In Canada, the gas-link pipeline which was under construction and was expected to be complete soon enough, had some of their workers scaled down as a result of the preparation of the potentially devastating effects of the coronavirus. As the rules had been made by the medical personnel on social distancing of 2 meters, the wearing of masks, washing of hands. To enable the effectiveness of these, they had to reduce their numbers immensely, and this resulted in the further delay of the project.

As a result of the coronavirus pandemic, the government authorities in Pennsylvania, US, ordered the halt of all operations that did not involve life support. Consequently, West Loop Project halt to be brought to an immediate halt to pave way for the disease. A report showed that the natural gas pipeline produced staggering quantities per day of up to 150 million cubic feet. Besides, the workers were as well scared for their health as they preferred remaining jobless than risk their lives. Coronavirus emerged to be very contagious, besides, its nature had not been sufficiently been established and the guidelines orbiting its cause and mode of spread were mere speculation rather than factual.

The coronavirus posed a huge blow in Iraq and Jordan. This forced their governments to bring to an immediate halt the operations that could potentially bring people to a common and this immense affected the projects in the oil & gas sectors. In essence, the ongoing bidding operations that were taking place in the Iraqi-Jordan Oil pipeline was forced to come to a halt. The government further announced that the process would only commence when substantial stability had been established in the regions of Baghdad and Amman. This greatly injected a potential instability in the oil & gas sector within the region which had attained record-breaking stability of all the years of oil & gas in the recorded history of the region.

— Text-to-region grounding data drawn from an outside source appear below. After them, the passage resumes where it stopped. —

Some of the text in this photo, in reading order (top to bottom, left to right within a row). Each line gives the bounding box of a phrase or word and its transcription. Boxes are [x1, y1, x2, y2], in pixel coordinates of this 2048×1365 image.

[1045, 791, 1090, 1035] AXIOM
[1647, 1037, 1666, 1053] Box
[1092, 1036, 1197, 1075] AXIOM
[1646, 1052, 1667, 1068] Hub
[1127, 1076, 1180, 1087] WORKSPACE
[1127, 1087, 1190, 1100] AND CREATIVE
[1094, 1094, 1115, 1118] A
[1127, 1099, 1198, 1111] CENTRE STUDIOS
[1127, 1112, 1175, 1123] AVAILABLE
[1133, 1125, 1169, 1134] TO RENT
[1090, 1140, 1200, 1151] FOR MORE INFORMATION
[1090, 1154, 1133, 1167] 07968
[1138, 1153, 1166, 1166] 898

Liquified natural gas delayed production worldwide

As reported in the Australian Scarborough LNG Terminal operated by Woodside petroleum company, stated that the quest for energy was to be brought to an immediate halt. This is as a result of the onset of the coronavirus that posed a huge threat to the health of the workers. As advocated by the health officials, any operation that did not involve life support in the times of the pandemic was to be brought to an immediate halt.

In response to the directives brought forward by the government, the operations had to be brought to a halt. Besides, it was expected that a plummet in the demand for the product could creep as a result of the change of human social behavior. It was expected that activities that involved travel and transportation, manufacturing activities as well as the companies that utilized oil and gas products could reduce consumption to 50 percent of the original value.

Canada’s LNG terminal in Kitimat had their owners scrap off some workers. It had been established that social places, as well as gathering grounds that could bring people together, had to be refrained from. In their response to protect the local communities from the soar of the pandemic, some worker’s operations had to be brought to a halt. This particularly affected construction workers. The Asian suppliers who had the tender for the materials had themselves put under lockdown, hence the materials could not reach the market. The project managers for the construction tender filed bankruptcy protection to the government of the US, this forced the construction workers to remain jobless. In preparation of the potential hazards of the pandemic, some top workers as well had to be halted from carrying out their normal duties in the firm.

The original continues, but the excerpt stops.